Blue.

The enveloping ambient light of night and winter gathered around us. She turns towards me in her sleep. Her lips utter a small moan as if protesting in the feeblest of ways but she is sleeping, and she is not, as I had thought protesting to me, rather some imagined phantasm of her head.

-----

"I just wanted to know, do you mind if I use one of the Tazo Chai teabags?"

The display on my phone says outside call. Outsider call. An erroneous description at this stage, nobody could be more Inside.

"Of course."I say. The whirling, flying mess of work halts, suspended in an electronic haze about my head. Everything stops for her.

"I brought them home for you." (I'm smiling at this stage.)

I can feel her smile down the phone lines and through the electronic ether. For all it's indifference, the medium can still, for certain people, convey a multitude of purest thought.

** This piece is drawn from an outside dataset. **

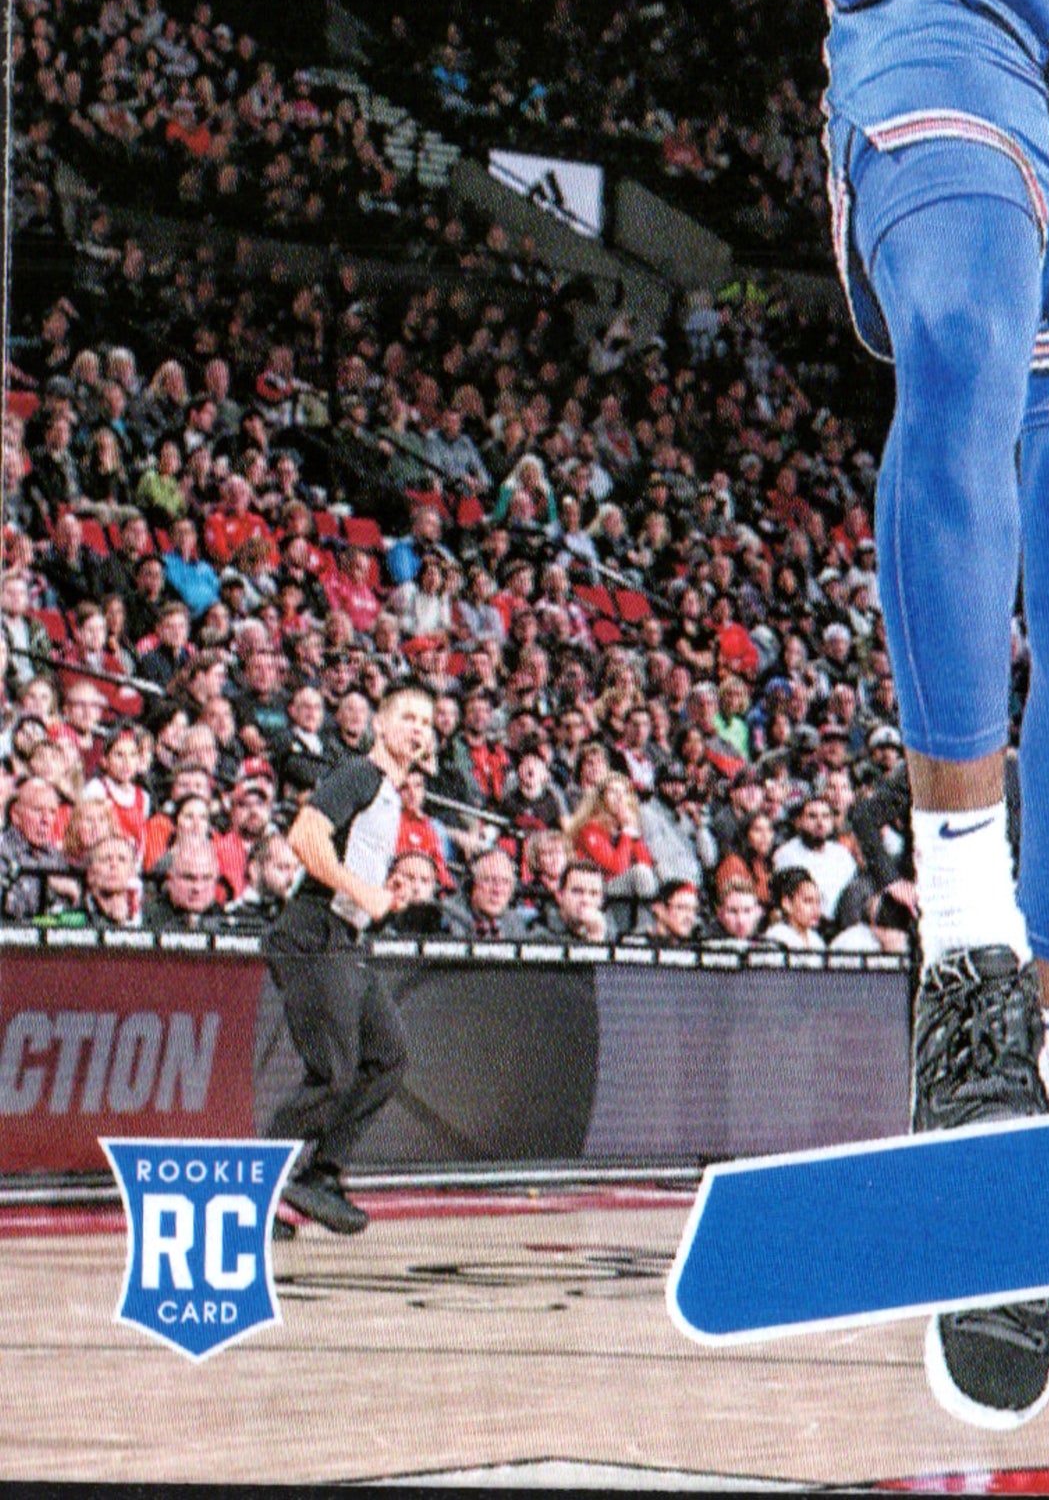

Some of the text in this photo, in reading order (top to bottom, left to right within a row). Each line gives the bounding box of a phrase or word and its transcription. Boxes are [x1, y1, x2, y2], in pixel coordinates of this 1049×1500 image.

Unspoken thought. Thought without thought.

"That's okay then. Are you sure you don't mind?"
"Certainly" The mad business frenzy starts to rotate again, speeding up by fractions. My oasis is slipping away.

"Okay, I'll see you when you get home.".

The green light on my phone has winked out, and the tornado spins around my head once more.

-----

My hand came up and adjusted the duvet, so that she wasn't quite so exposed to the November chill in our draughty room. She took the top, as if I had handed it to her, and shrugged herself into the folds of the covers.Still facing me. Facing me, facing her. I saw the smallest hint of a smile, a smile of cat-content.

-----

"Well I don't know! How could I?"

I had wanted to know if she thought the hotel manager would still be awake. The Metropolitano has deposited us far from our hotel and it's a long treck back. It's not necessary for him to be there, but it would make things easier for checking out the next day.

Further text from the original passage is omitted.